CJCE, 6e ch., 10 mars 2005, n° C-235/03

COUR DE JUSTICE DES COMMUNAUTÉS EUROPÉENNES

Arrêt

PARTIES

Demandeur :

QDQ Media (SA), Omedas Lecha

COMPOSITION DE LA JURIDICTION

Président de chambre :

M. Borg Barthet

Avocat général :

Mme Kokott

Juges :

MM. Puissochet, von Bahr

CJCE n° C-235/03

10 mars 2005

LA COUR (sixième chambre),

1 La demande de décision préjudicielle porte sur l'interprétation de la directive 2000-35-CE du Parlement européen et du Conseil, du 29 juin 2000, concernant la lutte contre le retard de paiement dans les transactions commerciales (JO L 200, p. 35).

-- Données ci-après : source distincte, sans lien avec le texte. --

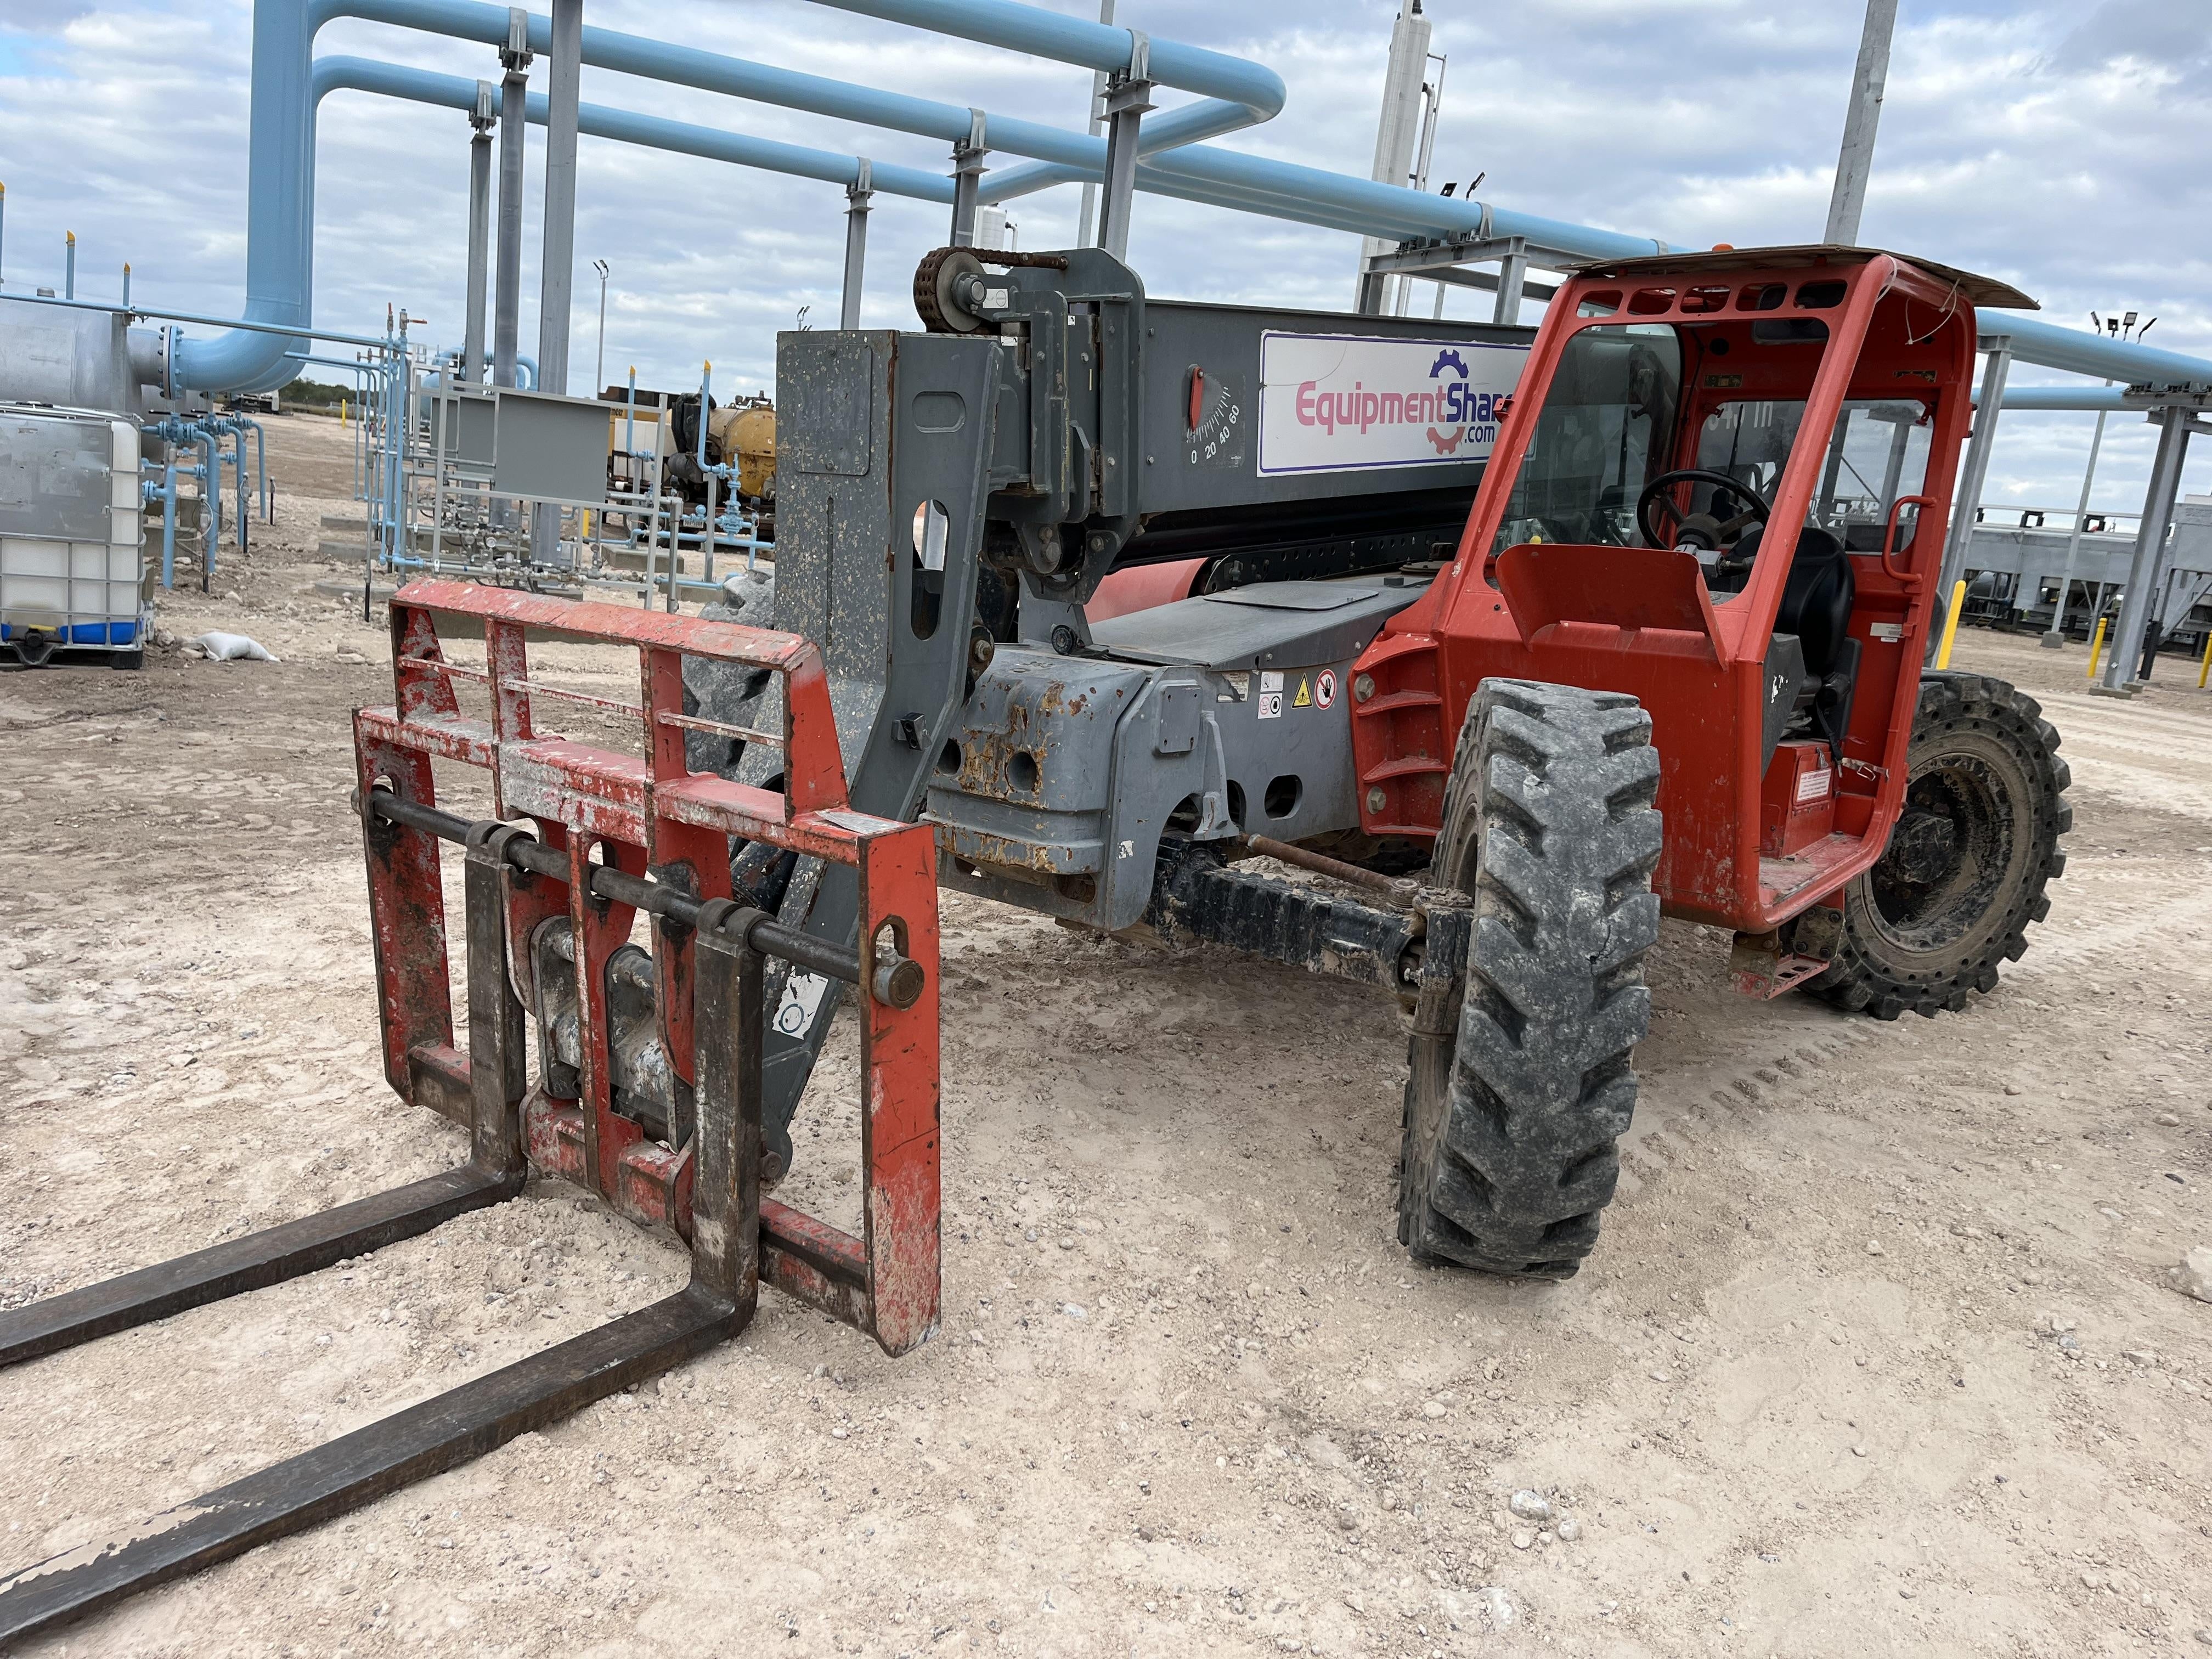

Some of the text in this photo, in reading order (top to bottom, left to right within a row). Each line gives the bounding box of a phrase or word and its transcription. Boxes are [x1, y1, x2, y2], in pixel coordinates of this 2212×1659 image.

[1191, 405, 1239, 464] 0 20 40 60
[1296, 381, 1513, 435] EquipmentShar
[1464, 426, 1495, 443] .com

2 Cette demande a été présentée dans le cadre de l'examen par le Juzgado de Primera Instancia n° 35 de Barcelona (Tribunal de première instance n° 35 de Barcelone) d'une demande d'injonction de payer présentée par la société QDQ Media SA (ci-après "QDQ Media") à l'égard de M. Omedas Lecha, qui n'aurait pas honoré la facturation de certaines prestations publicitaires pour son activité professionnelle.

Le cadre juridique

Le droit communautaire

3 La directive 2000-35 vise à harmoniser les législations des États membres relatives à la lutte contre les retards de paiements dans les transactions commerciales entre des entreprises ou entre des entreprises et les pouvoirs publics pour une fourniture de marchandises ou une prestation de services contre rémunération.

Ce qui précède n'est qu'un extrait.